Para completar los cuidados intensivos también requirieron “que se tuviera que hacer, primero, un proceso de superación del duelo para lograr la recuperación económica. Con el grupo de Tejedores y Tejedoras se trabajó toda esa parte emocional de las familias para poder recuperar la confianza y querer hacer cosas, como desarrollar actividades productivas que le permitieran a las familias generar recursos para invertir en educación, en mejoramiento de la vivienda y de la calidad de vida de cada una de las familias que habitaban el corregimiento”, asegura Eduardo Enrique.

Con los talleres psicosociales la población se abofeteó de los malos recuerdos y se dio de alta. Llegaron las primeras obras que resarcían las ausencias. El Remanso de Paz Centro de Memoria Histórica, diagonal a la iglesia presbiteriana, que junto con el colegio es la construcción más llamativa del poblado, fue erigido en el lugar donde se llevaron a las 43 personas.
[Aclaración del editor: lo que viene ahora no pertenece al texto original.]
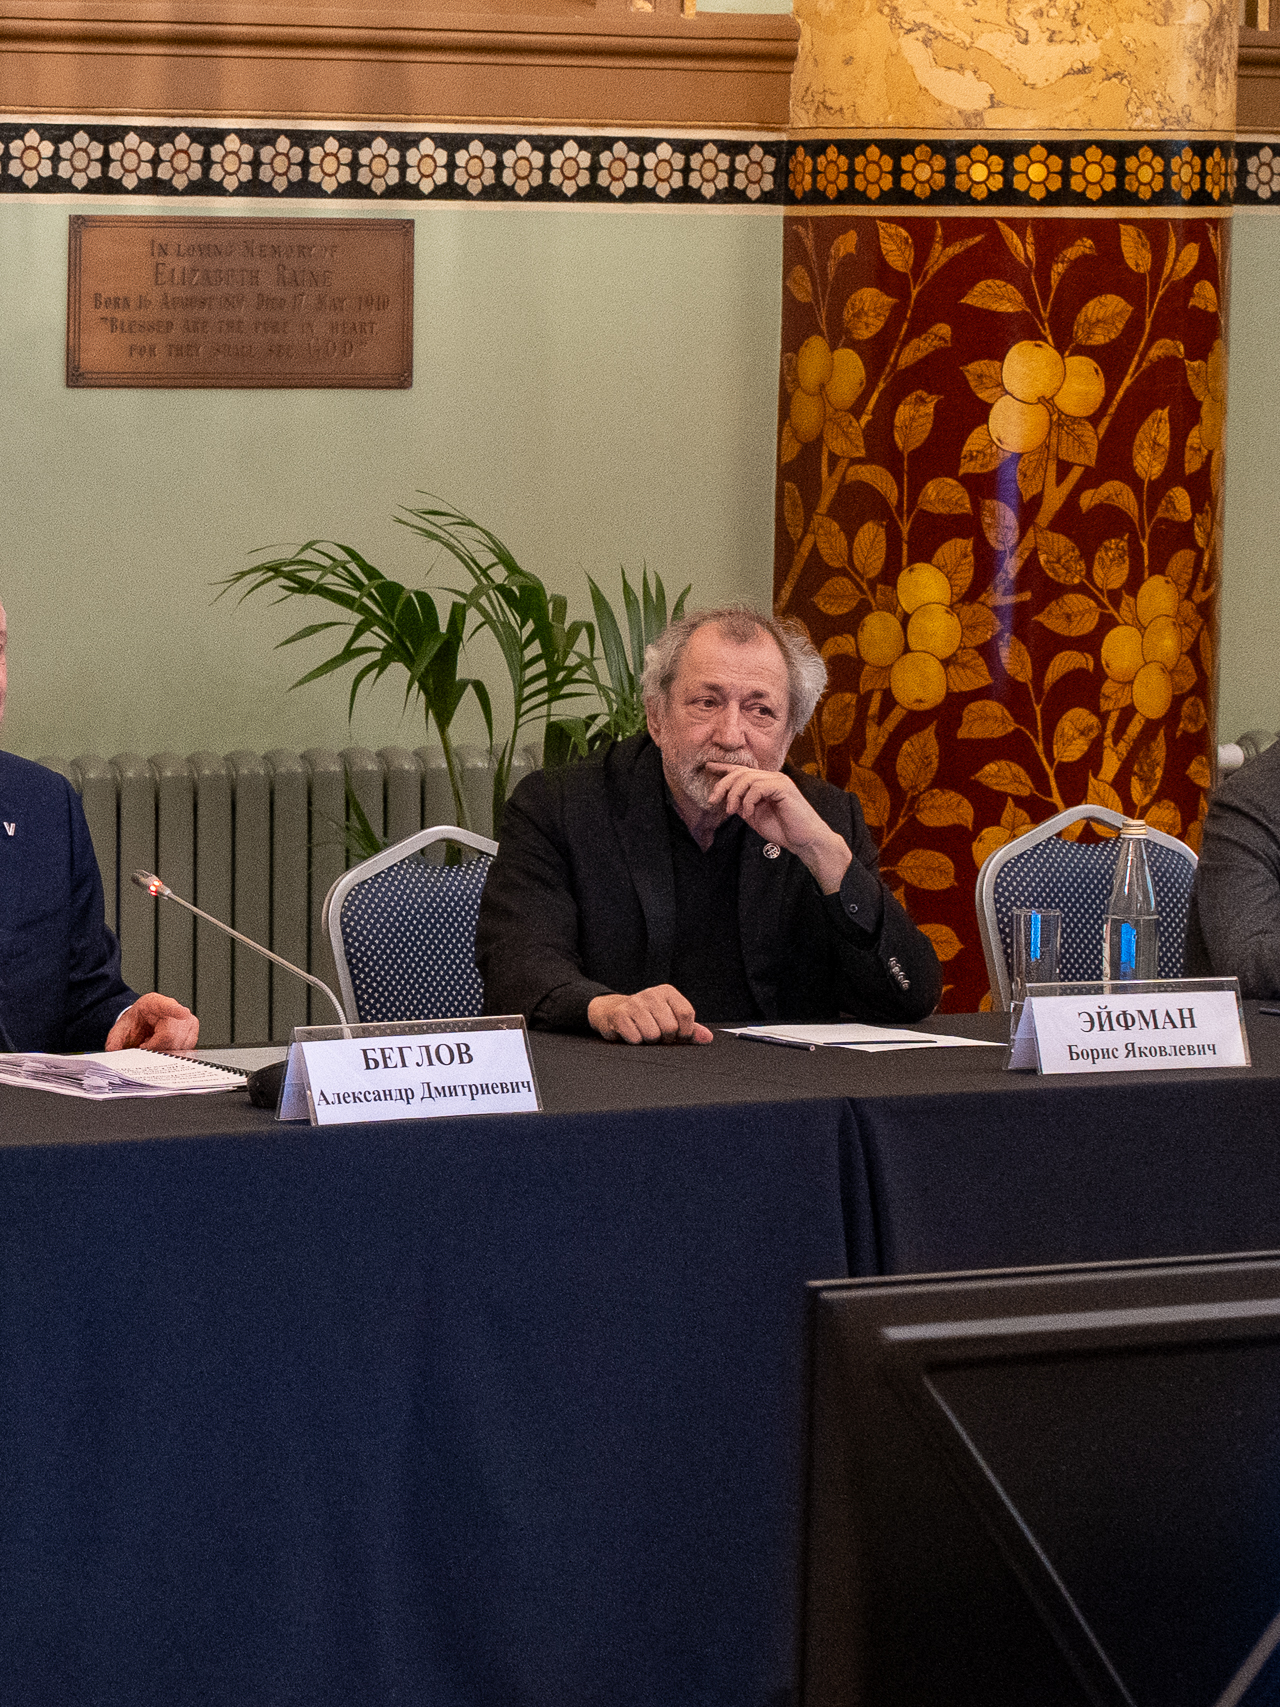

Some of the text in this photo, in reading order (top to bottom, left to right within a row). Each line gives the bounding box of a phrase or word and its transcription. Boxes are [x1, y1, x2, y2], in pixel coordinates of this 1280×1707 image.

[1077, 1005, 1198, 1033] ЭЙФМАН
[359, 1042, 474, 1071] БЕГЛОВ
[1066, 1041, 1217, 1064] Борис Яковлевич
[317, 1079, 532, 1106] Александр Дмитриевич
En uno de sus salones, como si fuera el santa sanctórum del pueblo, se aprecia una tela de cinco metros por tres, un particular Guernica fragmentado en más de cien viñetas que testimonian igual número de desaparecidos.

La economía se embellece

En diciembre del 2018, los pueblobellenses tuvieron el último impulso a su economía como parte del plan de reparación colectiva con la Unidad.

“Recibimos un tractor, una mini retroexcavadora y un camión, que de una u otra manera permiten llevar los cultivos a su máxima expresión de producción por la mecanización de los suelos y por el mejoramiento en la calidad de esta tierra, que en los 80 y los 90 fueron fincas ganaderas que quedaron muy compactada por el peso del ganado, y esta herramienta hace que estas tierras se aflojen un poco y se oxigenen para que los cultivos puedan enraizar bien y expresar su máximo potencial en la parte de productividad y recursos”, asegura Eduardo Enrique.
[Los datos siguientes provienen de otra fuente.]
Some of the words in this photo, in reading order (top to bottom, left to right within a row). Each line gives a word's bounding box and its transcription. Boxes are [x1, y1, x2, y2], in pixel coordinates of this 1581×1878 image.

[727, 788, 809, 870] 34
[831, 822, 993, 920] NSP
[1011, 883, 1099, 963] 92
Esto Ramón lo traduce llanamente: “de producir 100 bultos pasamos a producir 200 bultos; una hectárea de tierra mecanizada hace que una persona que antes se demoraba alrededor de un mes y medio en adecuar el terreno para sembrar, hoy lo pueda hacer en 24 horas, y el camión minimiza los costos del transporte porque antes se tenía que pagar por el flete para llevar los productos -plátano, cacao, coco y sandía- a Bogotá, Montería, Medellín y Barranquilla”.

Los recursos que consiguen del alquiler de la mini retroexcavadora y del tractor se destinan para la manutención de la maquinaria, los gastos de operación e inversión comunitaria. El objetivo de los miembros del comité de impulso es “crear empresa y fortalecer lo que ya se tiene”.

Atrás quedaron los tiempos cuando los habitantes de Pueblo Bello compraron escopetas y carabinas en cualquier parte del Urabá, no para enfrentarse a los AK 47 de la guerrilla ni a los M60 de los paramilitares, sino para hacer los disparos de alerta que aconsejaban refugiarse en el monte. De esas épocas quedaron los tributos a sus familiares desaparecidos: el mural en la avenida principal con los rostros de los 43 desaparecidos y “las ocho vallas instaladas en las veredas para resignificar esas ocho heridas”, como lo afirma Edith, y -al lado del río al que se lanzó Ramón- el árbol gigantesco y hermoso bautizado como el “Testigo mudo” por todo el horror que presenció.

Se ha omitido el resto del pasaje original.